The SNP microarray analysis detected a large deletion that contains the ANO3 (Anoctamine 3) gene coding for a protein belonging to the TMEM16 family that functions as a Ca (2+)-activated chloride channel. ANO3 pathogenic variants have a dominant effect on dystonia [34], and some have been associated to a complex neurological syndrome combining dystonia and myoclonus phenotypes [35]. In the proband, ANO3 has an LOH that incudes exons 3 to 5 (Table 2, Supplementary Fig. S2), and its combination with pathogenic variants and CVNs in other genes is likely to contribute to the syndrome.

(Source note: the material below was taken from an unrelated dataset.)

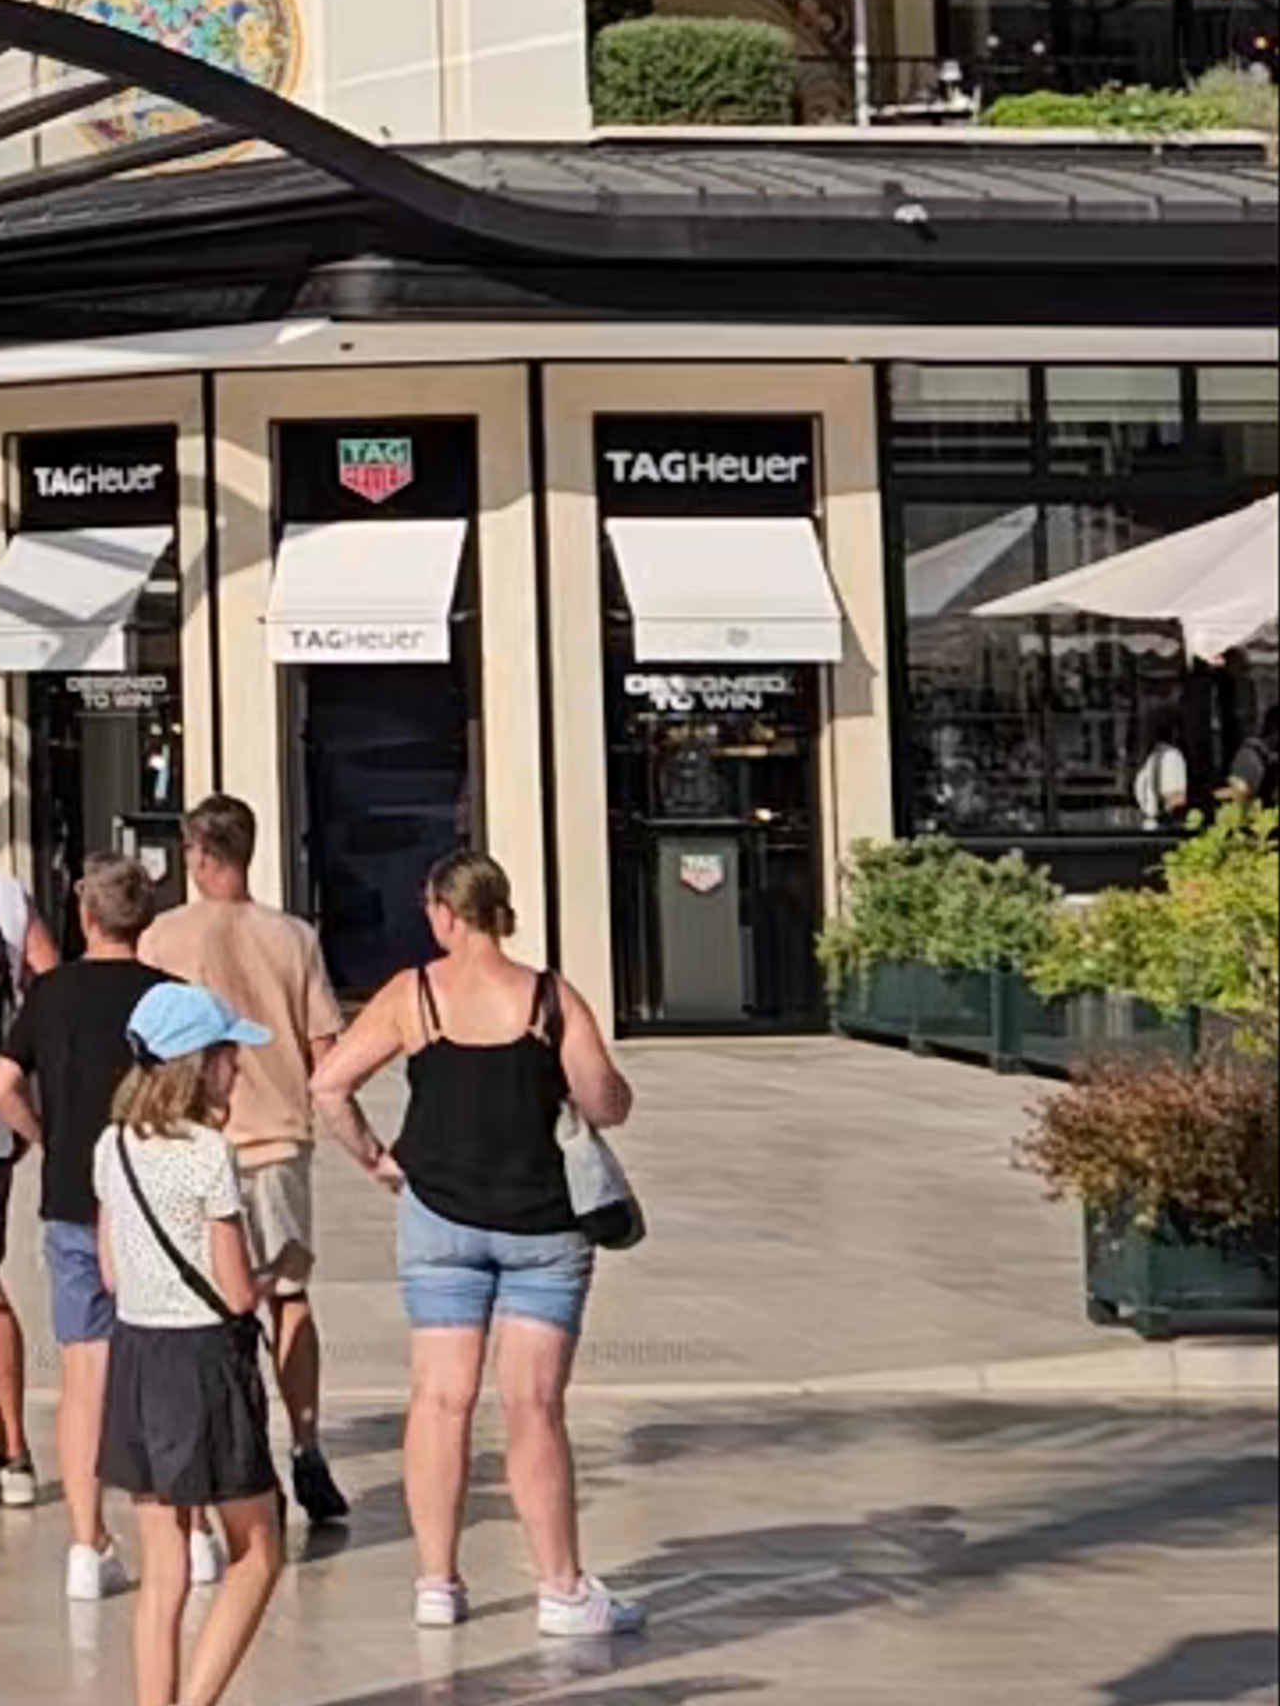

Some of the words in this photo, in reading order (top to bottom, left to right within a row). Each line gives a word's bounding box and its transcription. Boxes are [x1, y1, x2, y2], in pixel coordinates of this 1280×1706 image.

Genes implicated in seizures and epileptic-like phenotypes present alterations in EEG patterns. The CNV analysis identified four genes with de novo alterations, three with loses (ATP1A2, SLC17A5 and NALCN) and one with a gain (PCDH19), which have a direct relation with epileptic-like phenotypes (Table 1). ATP1A2 is highly expressed in brain and codes for an integral membrane protein responsible for establishing and maintaining the electrochemical gradients of Na and K ions across the plasma membrane. ATP1A2 has been associated, in several studies, to rare forms of epilepsy and seizures [36]. The proband has a loss comprising exons 2 to 7 (Table 2, Supplementary Fig. S3). Other genes with CNV losses that have an indirect relation to epilepsy are RYR3, CDH13, PCDH9 and LRRC55 (Table 1).

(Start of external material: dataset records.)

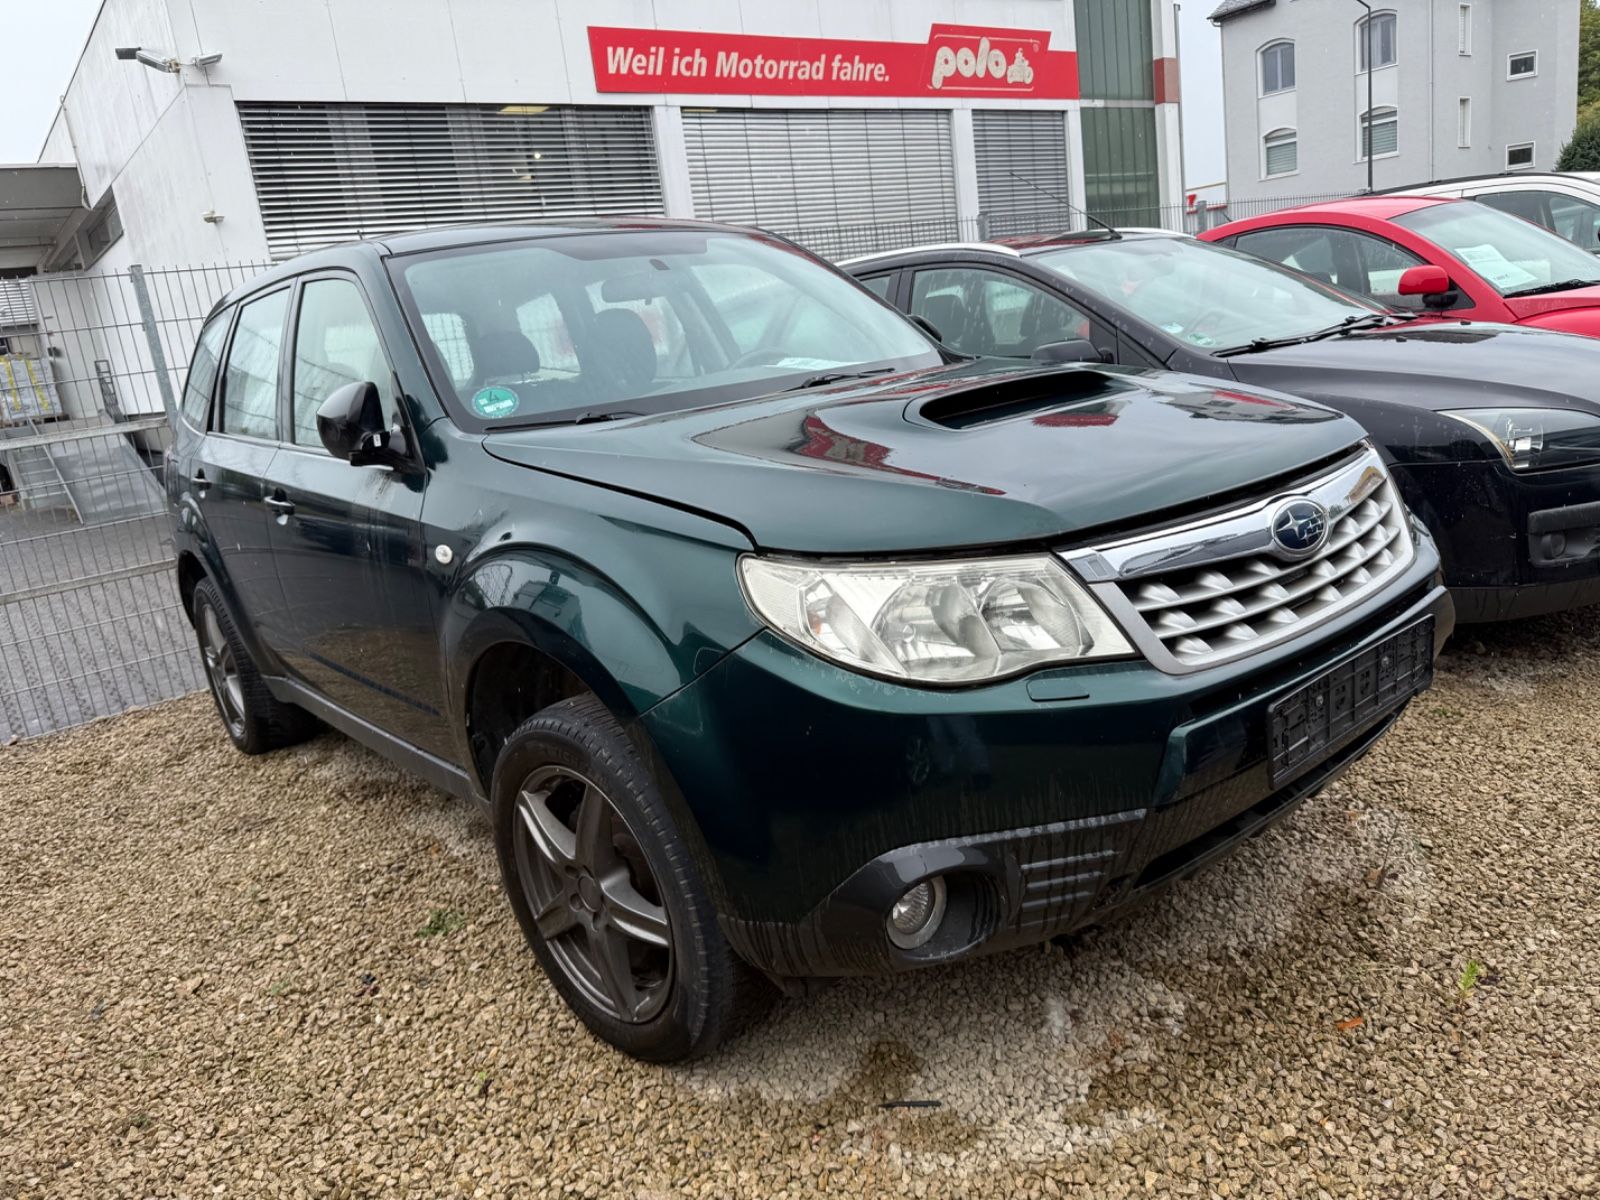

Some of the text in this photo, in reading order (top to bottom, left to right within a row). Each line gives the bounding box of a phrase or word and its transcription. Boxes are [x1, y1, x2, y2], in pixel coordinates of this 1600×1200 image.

[606, 46, 890, 82] Weil ich Motorrad fahre.
[931, 37, 1007, 89] polo
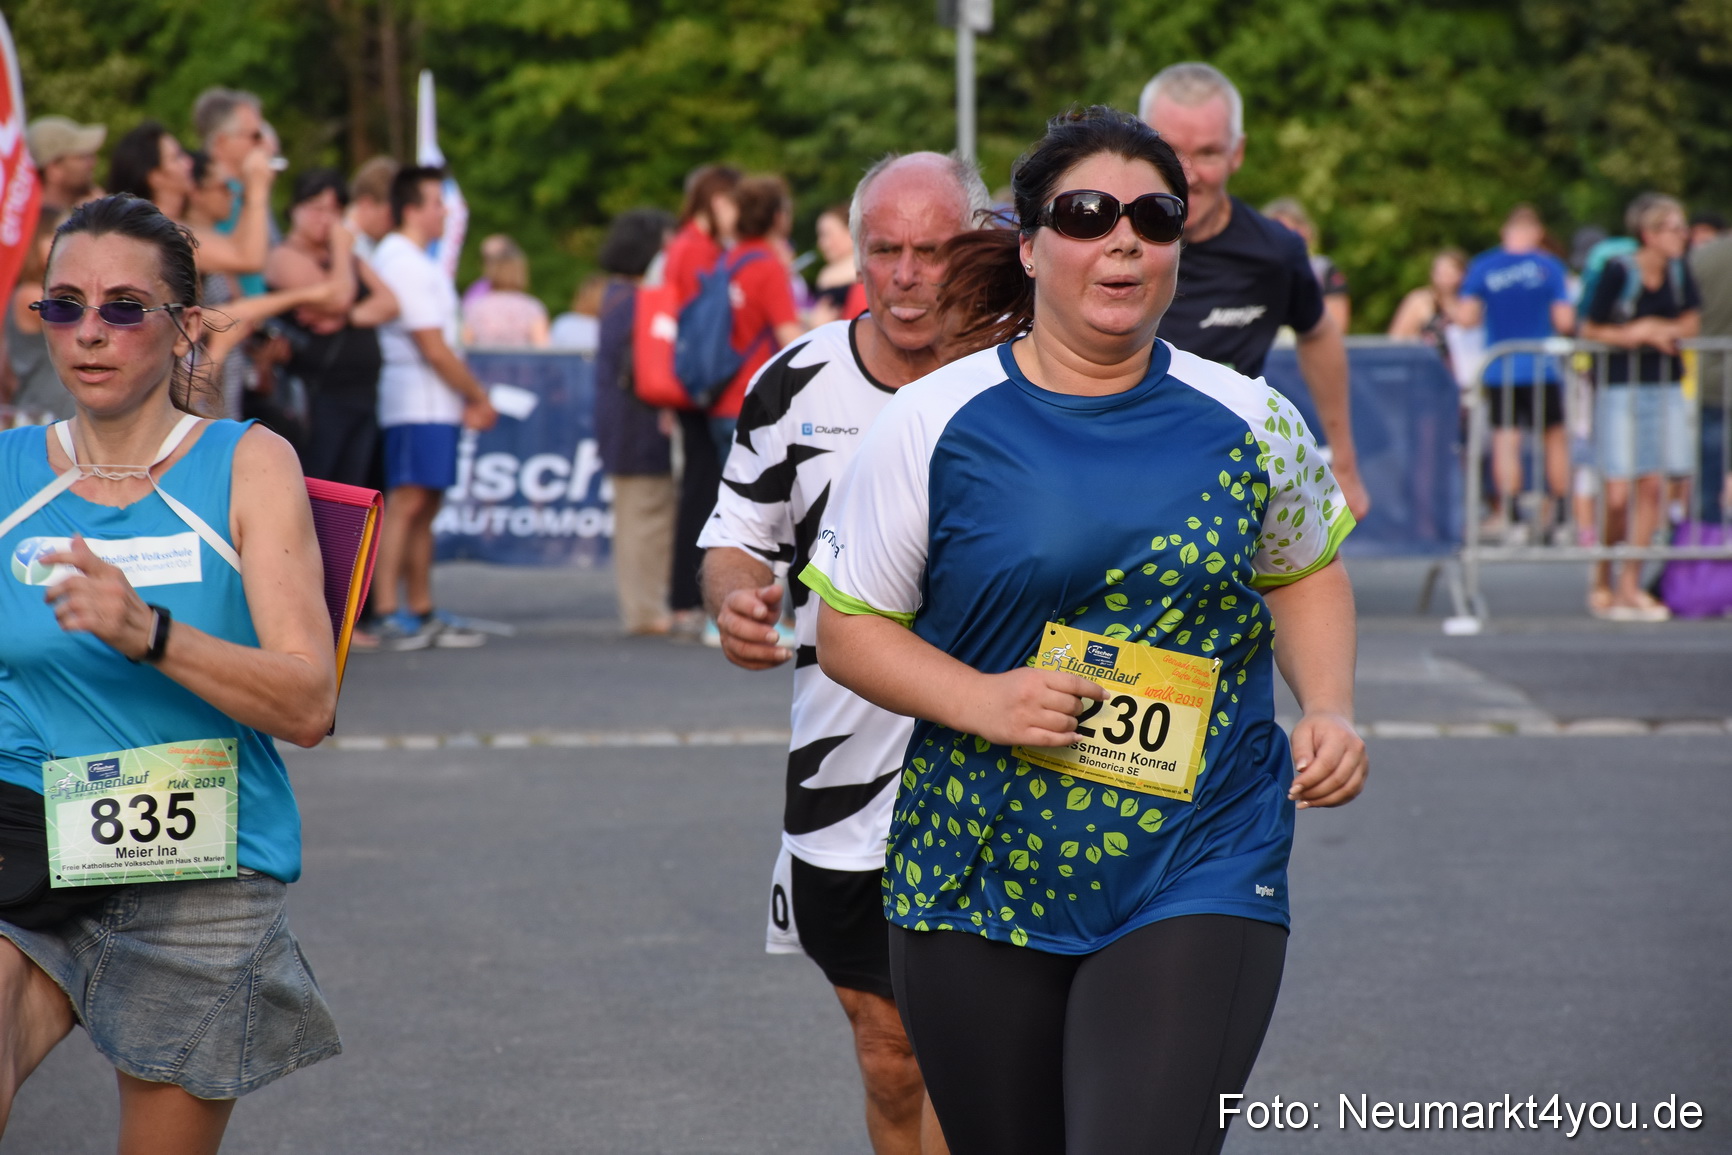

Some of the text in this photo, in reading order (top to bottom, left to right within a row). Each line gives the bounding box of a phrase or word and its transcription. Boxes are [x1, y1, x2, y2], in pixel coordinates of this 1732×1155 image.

[1066, 657, 1142, 686] firmenlauf
[1144, 685, 1204, 708] walk 2019
[1066, 740, 1126, 762] ssmann
[1130, 751, 1177, 772] Konrad
[1079, 754, 1125, 773] Bionorica
[1126, 766, 1140, 777] SE
[74, 770, 150, 793] firmenlauf
[194, 776, 226, 789] 2019
[91, 792, 196, 845] 835
[62, 864, 80, 872] Freie
[82, 861, 123, 870] Katholische
[124, 859, 165, 868] Volksschule
[203, 855, 225, 863] Marien
[115, 845, 178, 859] Meier Ina

Three of the affected genes in the proband, PCDH19, PCDH9, and CDH13, code for members of the cadherin protein family, which are implicated in neural intercellular interactions. PCDH19 mediates cell adhesion in neural tissues and regulates signaling at synaptic junctions. Pathogenic PCDH19 variants and CNV changes affect this gene in epilepsy [37]. More than one hundred different PCDH19 pathogenic variants, located in the extracellular domain of the protein, have been associated with epilepsy, mostly in females, and recently were also detected in males [38]. Truncation mutations in PCDH19 have also been associated to seizures [39]. PCDH19 is located on chromosome X and the patient has a CNV duplication that includes exon 3 (Table 2, Supp. Fig. S4) that might alter its gene expression and protein stability or level, and modify local interactions among neural cells. CDH13 is a negative regulator of axon growth during neural differentiation [40] and a change in its protein level can also alter neuronal interactions and network organization. Both, CDH13 and PCDH9 have an intronic deletions and a duplication respectively, and both have been associated to epileptic encephalopathy [37].
Additional genes with CNV changes that can contribute to epileptic crisis and seizures were detected. LRRC55 (Leucine Rich Repeat Containing or BK Channel Auxiliary Gamma Subunit) has a CNV loss deleting the 3’ untranslated region of the mRNA in the patient. LRRC55 gene is expressed in the cortex, cerebellum and spinal cord, and its protein is a regulator of large-conductance, voltage and calcium-activated potassium channel (BK alpha), that modulates its gating properties [41]. Also there is a deletion of exon 3 in the ELAVL2 gene (Supplementary Figure S5) coding for a neural-specific RNA-binding protein that binds to several 3' UTRs and is expressed in early neuronal progenitors to mature neurons [42] and also regulates co-expression networks of neurodevelopmental and synaptic genes [43]. The EFNA5 coding for ephrin5A also has an intronic duplication that can affect its transcription or RNA stability. Ephrin5 is implicated in neurodevelopment and axon bundling [44].